Cálculos del profesor James Heckman estiman que un peso invertido en un niño en la primera infancia le ahorra entre $7 y $21 a la sociedad en el futuro.

Previa a la reunión regional del World Economic Forum (WEF) en Medellín se realizó la “Cumbre Empresarial por la Primera Infancia en América Latina”. Este evento reunió a líderes empresariales y de opinión de Colombia y de otros países de América Latina para exponerles los últimos resultados de las investigaciones sobre el desarrollo cerebral de los niños e intercambiar ideas acerca de cómo el sector privado puede contribuir en este proceso. El objetivo fue promover una discusión de alto nivel en torno del papel del sector empresarial –en alianza con el sector público y la sociedad civil– en el desarrollo de la primera infancia. La Cumbre fue un evento promovido por la United Way Worldwide, su presidente Brian Gallagher, y la doctora Patricia Kuhl, codirectora del Instituto para el Aprendizaje y Ciencias Cerebrales de la Universidad de Washington. Participaron más de 100 líderes empresariales y sociales de México, Costa Rica, Guatemala, Panamá, Honduras, Perú, Chile, Argentina, Brasil, Venezuela y Colombia.

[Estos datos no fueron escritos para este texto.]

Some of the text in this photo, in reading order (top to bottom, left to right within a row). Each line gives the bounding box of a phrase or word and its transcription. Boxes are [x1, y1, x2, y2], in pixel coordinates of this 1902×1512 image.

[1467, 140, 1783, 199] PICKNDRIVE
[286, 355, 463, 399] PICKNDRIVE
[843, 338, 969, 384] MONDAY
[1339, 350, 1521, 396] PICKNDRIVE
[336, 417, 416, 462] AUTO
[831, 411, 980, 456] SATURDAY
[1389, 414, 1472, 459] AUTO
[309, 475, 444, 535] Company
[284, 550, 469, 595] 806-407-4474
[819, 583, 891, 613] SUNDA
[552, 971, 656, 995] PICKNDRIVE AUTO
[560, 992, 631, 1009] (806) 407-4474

El tema es de la mayor importancia para el desarrollo de todos nuestros países. Desde el punto de vista económico y social, diversas investigaciones, lideradas por el Premio Nobel de Economía James Heckman, han demostrado que la inversión en la educación inicial y en las etapas tempranas de los niños generan beneficios que exceden por mucho los costos que surgen en el futuro en términos de los logros educativos posteriores, la generación de ingresos, la productividad y la reducción del crimen, entre otros. Existen diferentes cálculos del profesor Heckman y de la Fundación Gates que estiman que un peso invertido en un niño en la primera infancia le ahorra entre $7 y $21 a la sociedad en el futuro en costos que pueden incluir, entre otros, desde los subsidios a los más pobres y una menor generación de ingresos, hasta los relacionados con la inseguridad y el encarcelamiento.

En la cumbre de Medellín, la doctora Kuhl presentó evidencia neurocientífica de lo importante que es para un país invertir en los primeros años de desarrollo de los niños por su enorme retorno económico y social.

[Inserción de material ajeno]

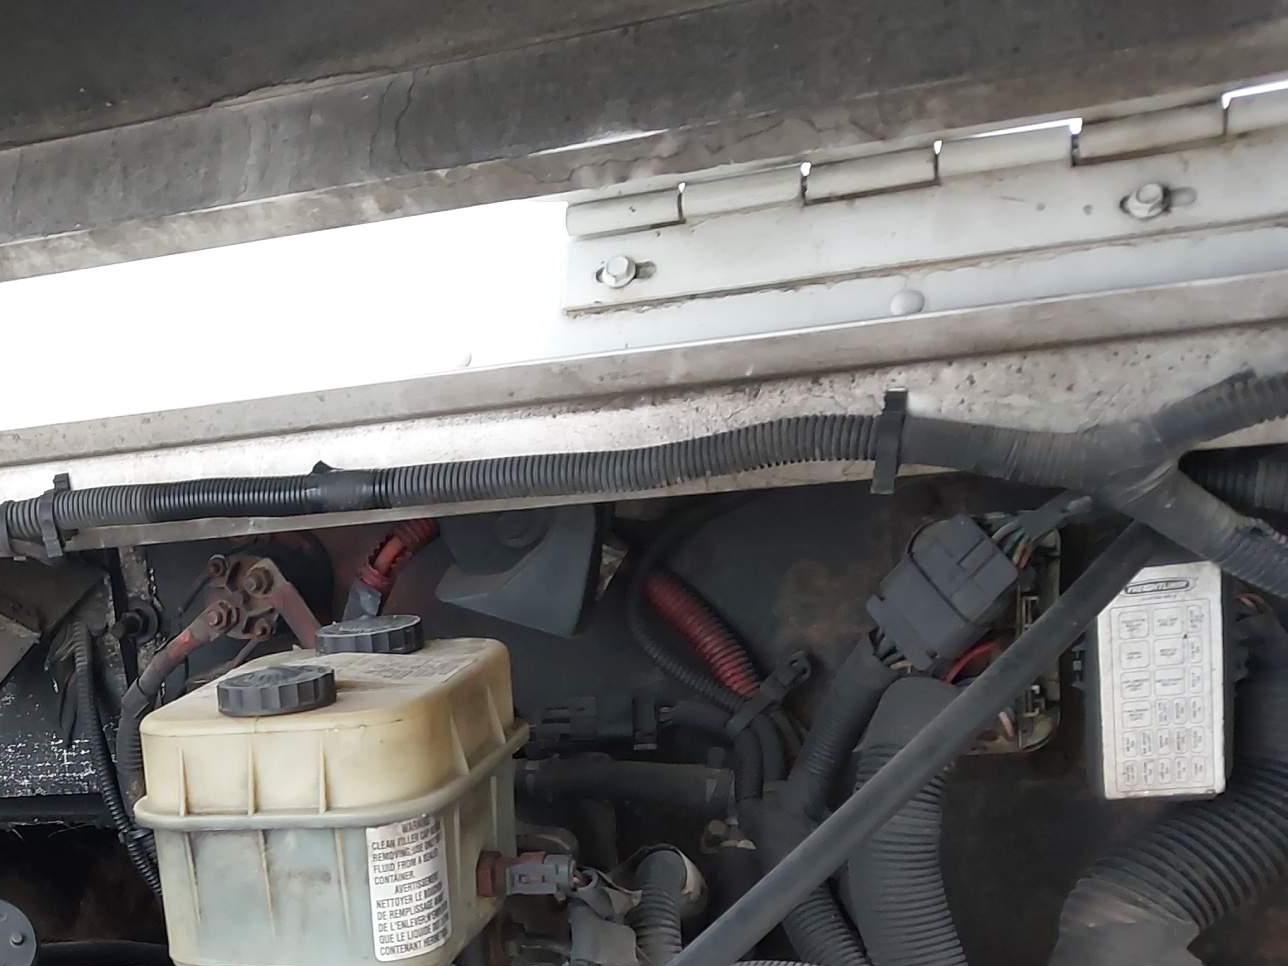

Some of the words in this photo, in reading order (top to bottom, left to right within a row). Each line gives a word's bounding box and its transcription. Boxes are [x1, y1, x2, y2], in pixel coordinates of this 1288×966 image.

[371, 839, 395, 850] CLEAN
[373, 862, 395, 873] FLUID
[397, 856, 416, 871] FROM
[376, 894, 413, 909] NETTOYER
[415, 890, 423, 902] LE
[376, 910, 388, 921] DE
[378, 922, 389, 933] DE
[379, 933, 394, 944] QUE
[397, 931, 406, 942] LE
[379, 940, 422, 956] CONTENANT
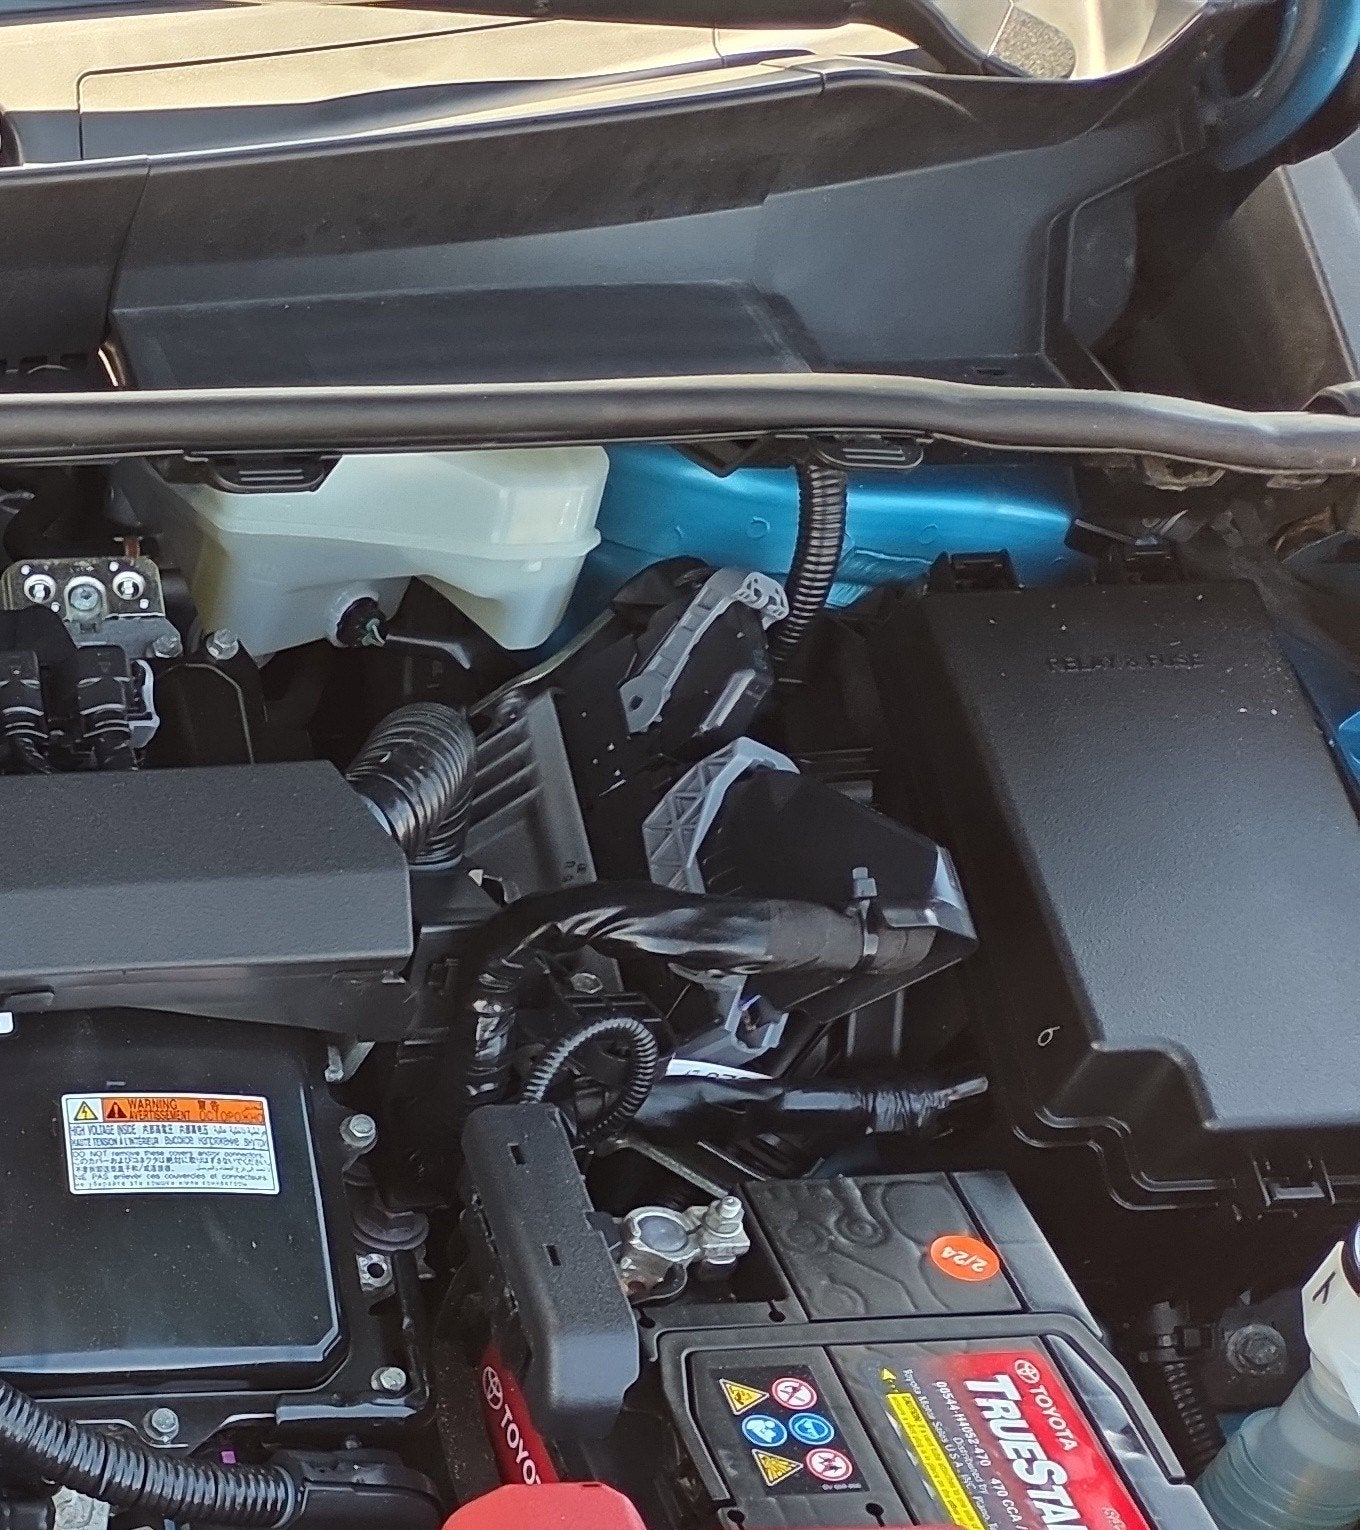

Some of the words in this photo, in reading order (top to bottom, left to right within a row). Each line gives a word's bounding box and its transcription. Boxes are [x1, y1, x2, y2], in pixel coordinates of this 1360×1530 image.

[127, 1099, 177, 1109] WARNING
[128, 1110, 190, 1120] AVERTISSEMENT
[941, 1246, 988, 1272] 2/24
[1028, 1385, 1078, 1451] TOYOTA
[501, 1404, 542, 1484] TOYO
[990, 1478, 1009, 1497] 470
[1002, 1500, 1023, 1522] CCA

La neurociencia muestra que 90% del cerebro se desarrolla en los primeros 5 años de vida, por lo cual este periodo determina las oportunidades de aprender más adelante. Con sofisticados aparatos que logran medir la actividad cerebral de los niños mientras se les habla o se les juega, se han podido sustentar científicamente todos estos descubrimientos. De esta manera se ha determinado de un modo preciso qué tipo de actividades mejoran el desarrollo del cerebro y la mente, tales como ciertos juegos o el bilingüismo. También se ha comprobado cómo la manera en que los padres les hablan a sus hijos, les lean o el número de palabras que usen tienen un impacto enorme sobre el desarrollo cognitivo y emocional de los más chiquitos. Por eso, esta inversión es la estrategia más efectiva en términos de costos para lograr el desarrollo de la fuerza laboral y de la economía en América Latina.

Este tema es especialmente importante en nuestro continente, donde la mitad de la infancia menor de cinco años vive en la pobreza. En países como Brasil, Chile, Colombia y Ecuador solo entre 20% y 30% de los niños menores de 3 años tiene acceso a algún tipo de servicio de cuidado infantil. El impacto de los jardines en el desarrollo infantil depende sobre todo de su calidad, que en la región es deficiente. Si bien la primera infancia ha sido objeto de políticas gubernamentales en los últimos años, que buscan asegurar una atención integral desde diferentes sectores, los presupuestos públicos para el tema son bajos y la efectividad de sus programas depende de su calidad, que varía mucho en la región.

Dada la magnitud de estos resultados, el sector empresarial sigue mostrando interés en respaldar los esfuerzos de gobiernos y organizaciones civiles en favor del desarrollo de la primera infancia. En este sentido, la cumbre buscaba estimular la participación de las compañías, los empresarios y las fundaciones empresariales en materia de desarrollo de la primera infancia; profundizar la comprensión de los líderes empresariales sobre los desafíos en materia de desnutrición infantil, acceso a educación inicial, calidad de la misma e inversión pública en primera infancia; y finalmente promover mayor articulación a nivel regional y local de empresas, fundaciones y redes de organizaciones no gubernamentales que trabajan por el desarrollo de la primera infancia en la región. Este es un esfuerzo que se debe profundizar e intensificar.